Exercise requirements -> Give the listing back in full, exactly as written, with the pictures removed.

*** Block opens ***

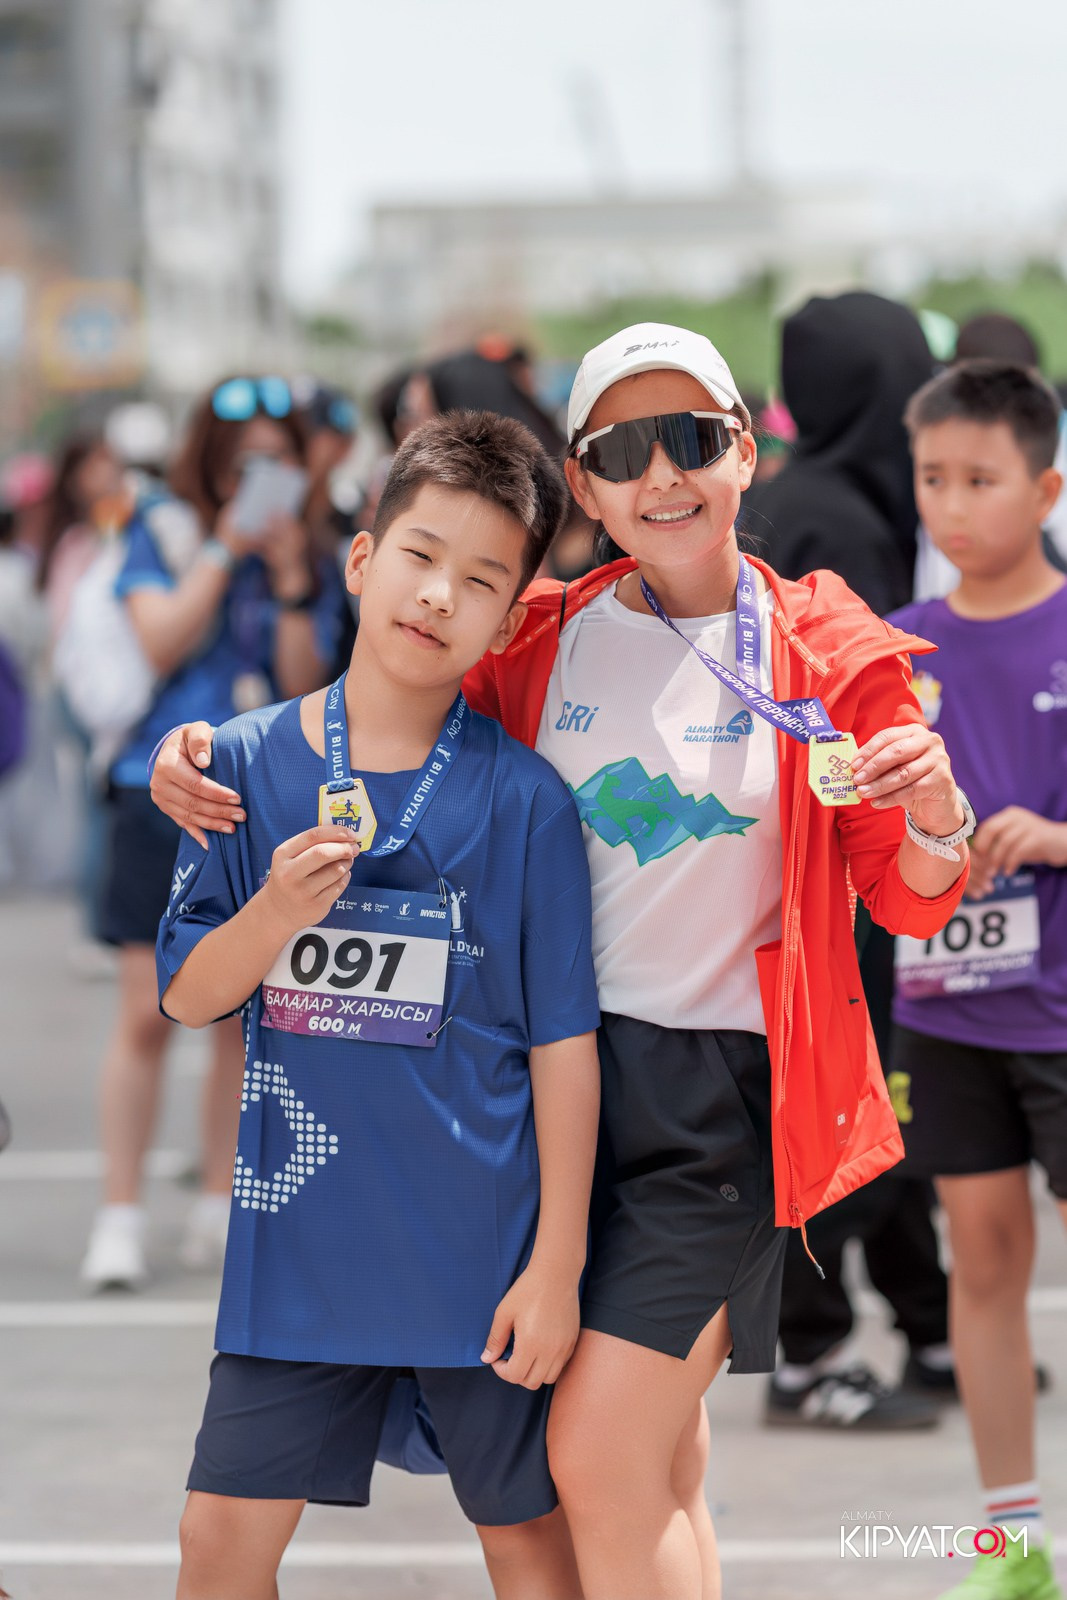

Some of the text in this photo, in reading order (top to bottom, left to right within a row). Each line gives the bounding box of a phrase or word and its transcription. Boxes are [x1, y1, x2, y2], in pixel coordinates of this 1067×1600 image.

[743, 630, 754, 642] BI
[328, 688, 340, 710] City
[446, 719, 462, 739] City
[684, 725, 725, 734] ALMATY
[331, 736, 342, 748] BI
[682, 734, 740, 743] MARATHON
[332, 750, 345, 779] JULD
[432, 761, 443, 776] BI
[822, 785, 858, 794] FINISHER
[399, 774, 435, 829] JULDYZAI
[420, 909, 447, 919] INVICTUS
[290, 933, 407, 993] 091
[266, 990, 433, 1023] БАЛАЛАР ЖАРЫСЫ
[308, 1015, 345, 1033] 600
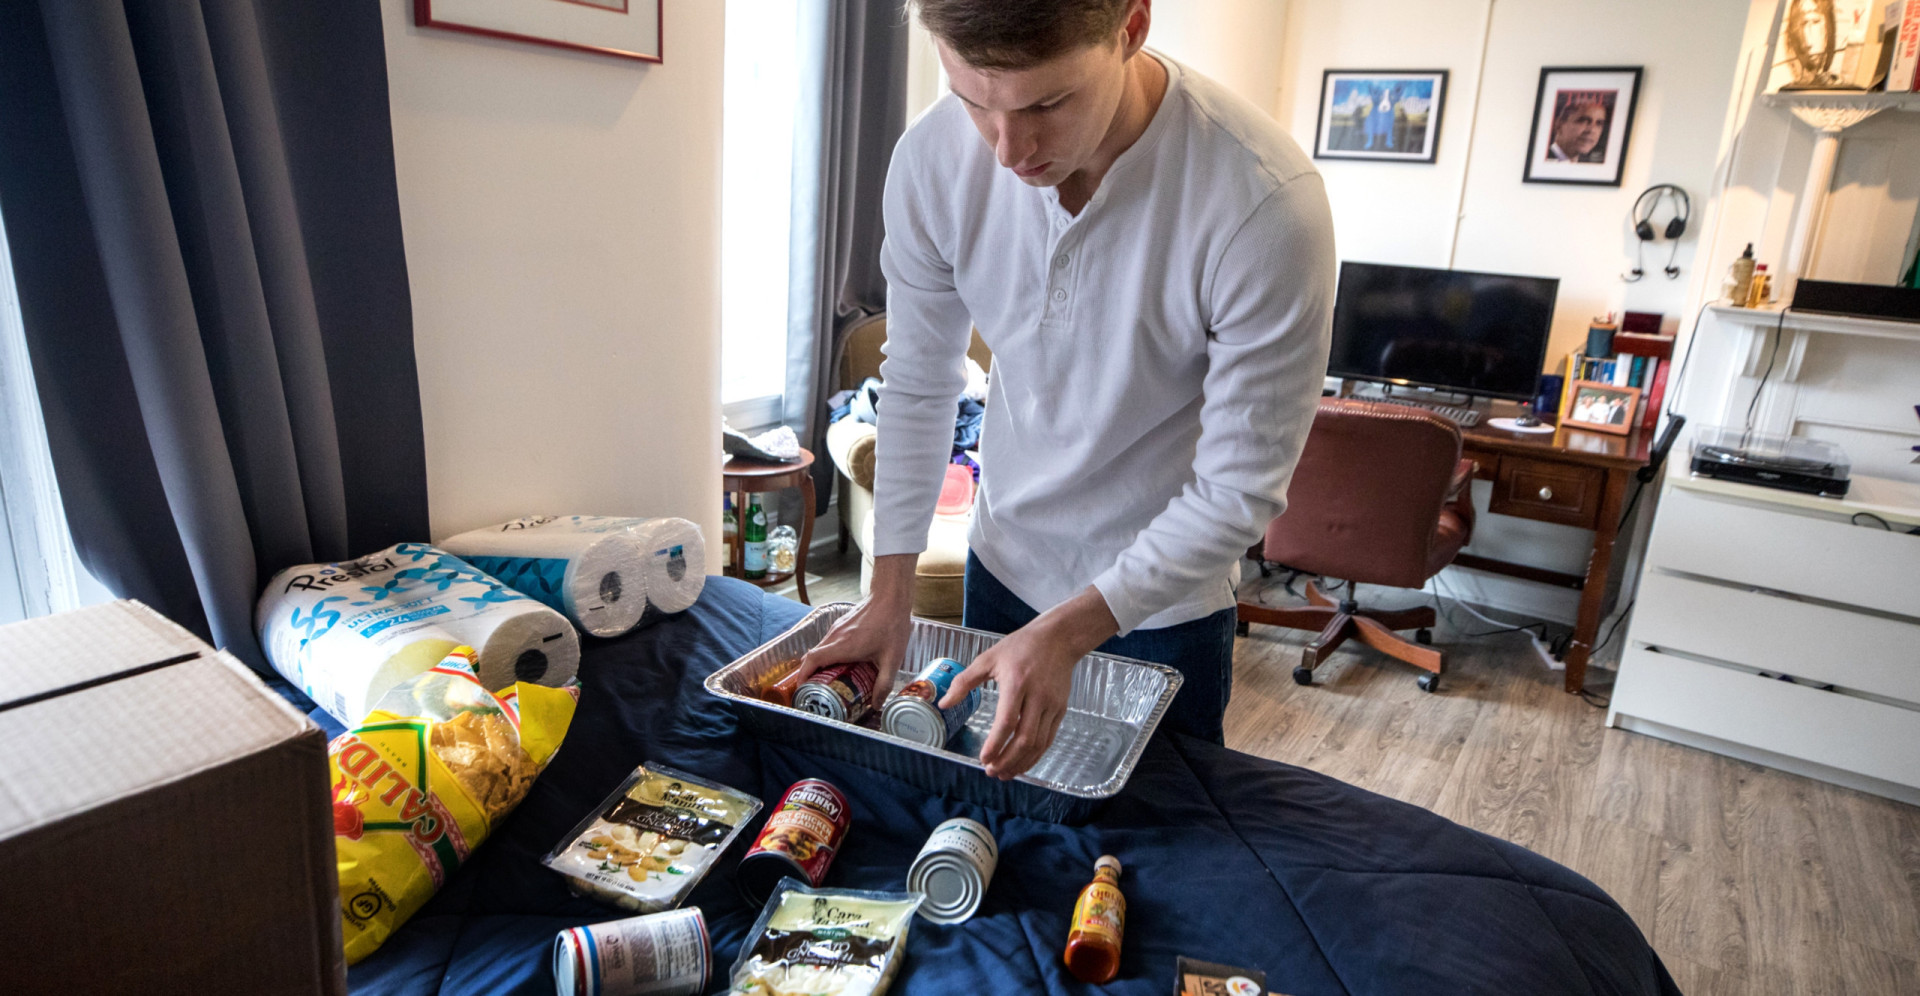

*** Block closes ***

Task response ->
Some of the text in this photo, in reading order (top to bottom, left to right within a row). Each line gives the bounding box of a phrase or word and its transcription. Boxes are [x1, y1, x2, y2], in pixel coordinates of this 1067×1600 image.

[743, 630, 754, 642] BI
[328, 688, 340, 710] City
[446, 719, 462, 739] City
[684, 725, 725, 734] ALMATY
[331, 736, 342, 748] BI
[682, 734, 740, 743] MARATHON
[332, 750, 345, 779] JULD
[432, 761, 443, 776] BI
[822, 785, 858, 794] FINISHER
[399, 774, 435, 829] JULDYZAI
[420, 909, 447, 919] INVICTUS
[290, 933, 407, 993] 091
[266, 990, 433, 1023] БАЛАЛАР ЖАРЫСЫ
[308, 1015, 345, 1033] 600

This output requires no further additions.